Free-text object descriptions
========
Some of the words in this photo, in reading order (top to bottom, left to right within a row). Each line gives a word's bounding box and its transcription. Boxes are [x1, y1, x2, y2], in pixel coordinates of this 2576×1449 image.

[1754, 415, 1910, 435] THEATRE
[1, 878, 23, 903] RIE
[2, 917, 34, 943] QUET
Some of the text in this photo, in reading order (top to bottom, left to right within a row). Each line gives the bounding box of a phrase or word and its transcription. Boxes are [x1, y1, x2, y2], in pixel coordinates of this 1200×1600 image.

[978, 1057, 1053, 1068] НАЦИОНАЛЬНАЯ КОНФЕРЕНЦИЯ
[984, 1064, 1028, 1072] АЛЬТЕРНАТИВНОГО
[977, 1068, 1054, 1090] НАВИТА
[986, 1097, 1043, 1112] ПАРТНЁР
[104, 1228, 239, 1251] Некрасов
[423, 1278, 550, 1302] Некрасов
========
Every record shown above should be written out again exactly.

Some of the words in this photo, in reading order (top to bottom, left to right within a row). Each line gives a word's bounding box and its transcription. Boxes are [x1, y1, x2, y2], in pixel coordinates of this 2576×1449 image.

[1754, 415, 1910, 435] THEATRE
[1, 878, 23, 903] RIE
[2, 917, 34, 943] QUET
Some of the text in this photo, in reading order (top to bottom, left to right within a row). Each line gives the bounding box of a phrase or word and its transcription. Boxes are [x1, y1, x2, y2], in pixel coordinates of this 1200×1600 image.

[978, 1057, 1053, 1068] НАЦИОНАЛЬНАЯ КОНФЕРЕНЦИЯ
[984, 1064, 1028, 1072] АЛЬТЕРНАТИВНОГО
[977, 1068, 1054, 1090] НАВИТА
[986, 1097, 1043, 1112] ПАРТНЁР
[104, 1228, 239, 1251] Некрасов
[423, 1278, 550, 1302] Некрасов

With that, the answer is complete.